====== SUPPLIED DATA ======

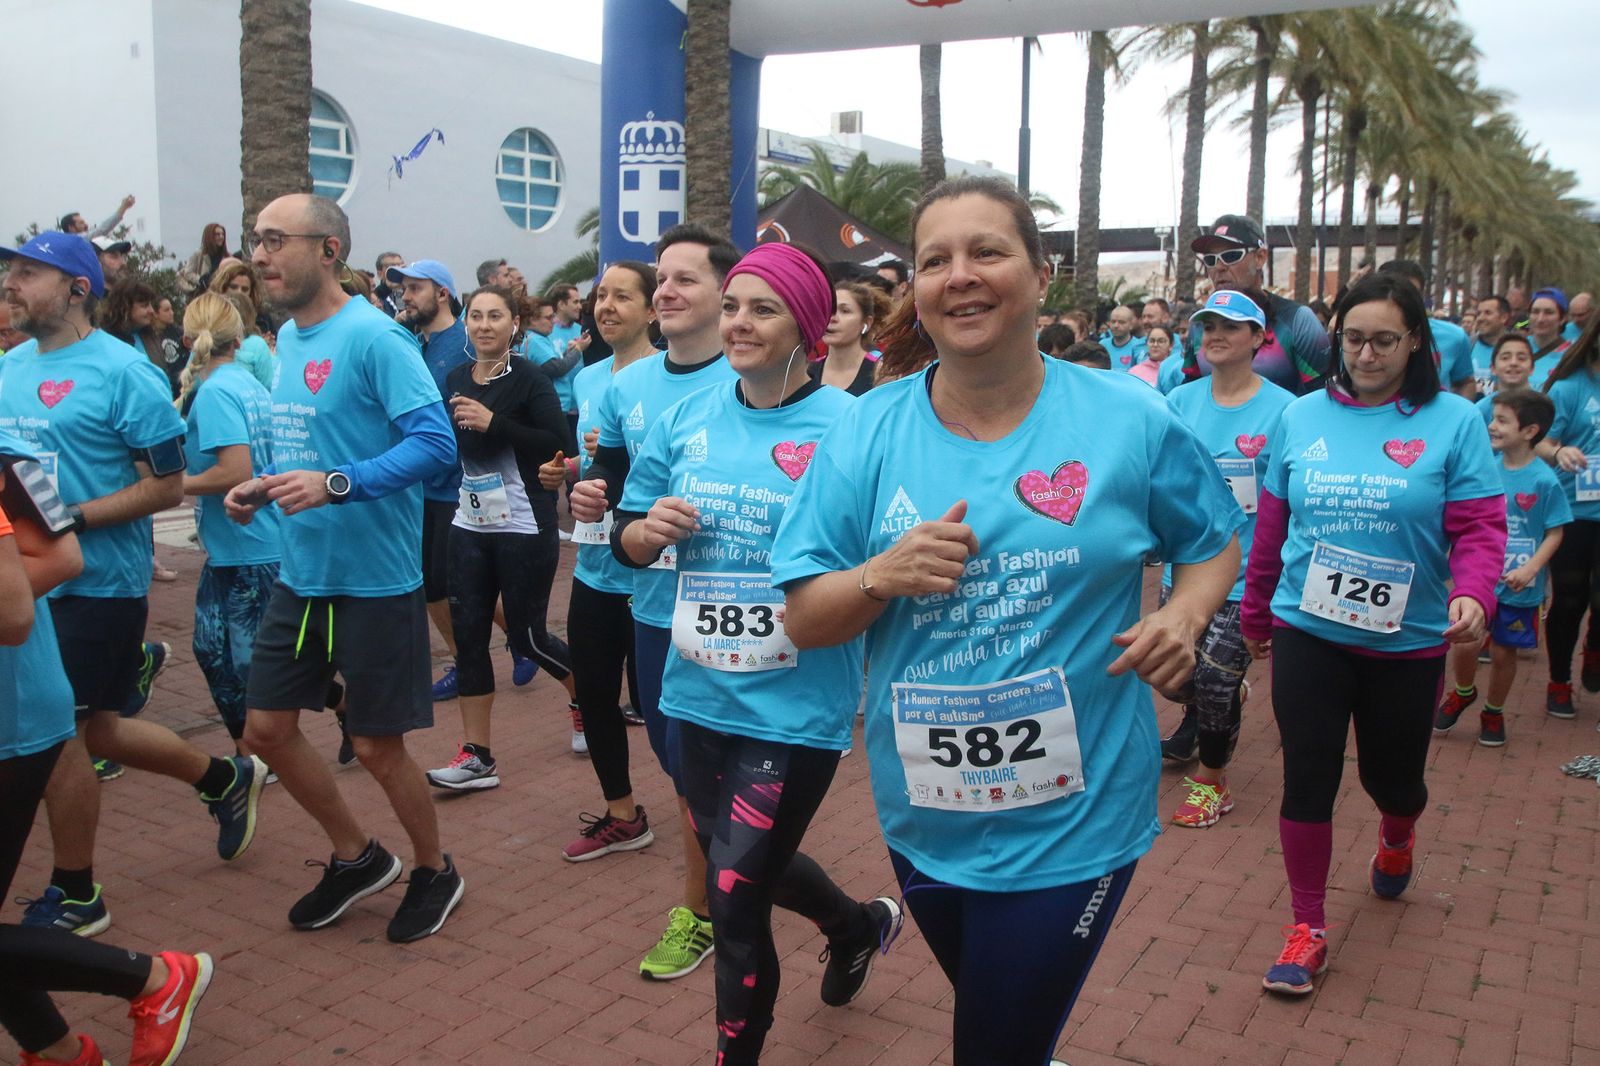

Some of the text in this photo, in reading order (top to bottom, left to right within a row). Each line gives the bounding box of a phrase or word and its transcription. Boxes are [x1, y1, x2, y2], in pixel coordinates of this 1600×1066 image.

[683, 445, 708, 456] ALTEA
[1300, 449, 1328, 458] ALTEA
[680, 472, 689, 494] I
[690, 476, 737, 496] Runner
[1313, 471, 1357, 484] Runner
[1361, 473, 1408, 489] Fashion
[1307, 483, 1388, 499] Carrera azul
[470, 493, 480, 509] 8
[685, 494, 769, 521] Carrera azul
[1304, 496, 1390, 511] por el autismo
[701, 512, 772, 536] el autismo
[880, 514, 922, 535] ALTEA
[1321, 519, 1352, 536] nada
[1351, 518, 1367, 529] te
[1368, 519, 1400, 536] pare
[733, 535, 757, 546] Marzo
[744, 548, 772, 567] par
[998, 545, 1080, 573] Fashion
[690, 578, 709, 587] Runner
[710, 580, 735, 589] Fashion
[740, 581, 771, 589] Carrera
[1006, 570, 1048, 597] azul
[1326, 572, 1392, 607] 126
[686, 591, 696, 600] por
[697, 590, 706, 600] el
[706, 590, 737, 601] autismo
[913, 594, 1053, 630] por el autismo
[1337, 599, 1369, 614] ARANCHA
[695, 603, 775, 637] 583
[969, 625, 995, 637] 31de
[1000, 620, 1034, 634] Marzo
[703, 637, 712, 649] LA
[904, 661, 940, 684] Que
[943, 641, 991, 673] nada
[989, 634, 1016, 656] te
[904, 679, 1053, 706] I Runner Fashion Carrera azul
[905, 712, 921, 722] por
[924, 711, 937, 723] el
[939, 709, 985, 723] autismo
[928, 718, 1047, 768] 582
[960, 766, 1018, 786] THYBAIRE
[1072, 873, 1114, 938] Joma

======

> _PROBLEM TO WORK ON_: Your answer must be an exact copy of the records above, with no pictures included.

> _THE COMPLETED TASK_:
Some of the text in this photo, in reading order (top to bottom, left to right within a row). Each line gives the bounding box of a phrase or word and its transcription. Boxes are [x1, y1, x2, y2], in pixel coordinates of this 1600×1066 image.

[683, 445, 708, 456] ALTEA
[1300, 449, 1328, 458] ALTEA
[680, 472, 689, 494] I
[690, 476, 737, 496] Runner
[1313, 471, 1357, 484] Runner
[1361, 473, 1408, 489] Fashion
[1307, 483, 1388, 499] Carrera azul
[470, 493, 480, 509] 8
[685, 494, 769, 521] Carrera azul
[1304, 496, 1390, 511] por el autismo
[701, 512, 772, 536] el autismo
[880, 514, 922, 535] ALTEA
[1321, 519, 1352, 536] nada
[1351, 518, 1367, 529] te
[1368, 519, 1400, 536] pare
[733, 535, 757, 546] Marzo
[744, 548, 772, 567] par
[998, 545, 1080, 573] Fashion
[690, 578, 709, 587] Runner
[710, 580, 735, 589] Fashion
[740, 581, 771, 589] Carrera
[1006, 570, 1048, 597] azul
[1326, 572, 1392, 607] 126
[686, 591, 696, 600] por
[697, 590, 706, 600] el
[706, 590, 737, 601] autismo
[913, 594, 1053, 630] por el autismo
[1337, 599, 1369, 614] ARANCHA
[695, 603, 775, 637] 583
[969, 625, 995, 637] 31de
[1000, 620, 1034, 634] Marzo
[703, 637, 712, 649] LA
[904, 661, 940, 684] Que
[943, 641, 991, 673] nada
[989, 634, 1016, 656] te
[904, 679, 1053, 706] I Runner Fashion Carrera azul
[905, 712, 921, 722] por
[924, 711, 937, 723] el
[939, 709, 985, 723] autismo
[928, 718, 1047, 768] 582
[960, 766, 1018, 786] THYBAIRE
[1072, 873, 1114, 938] Joma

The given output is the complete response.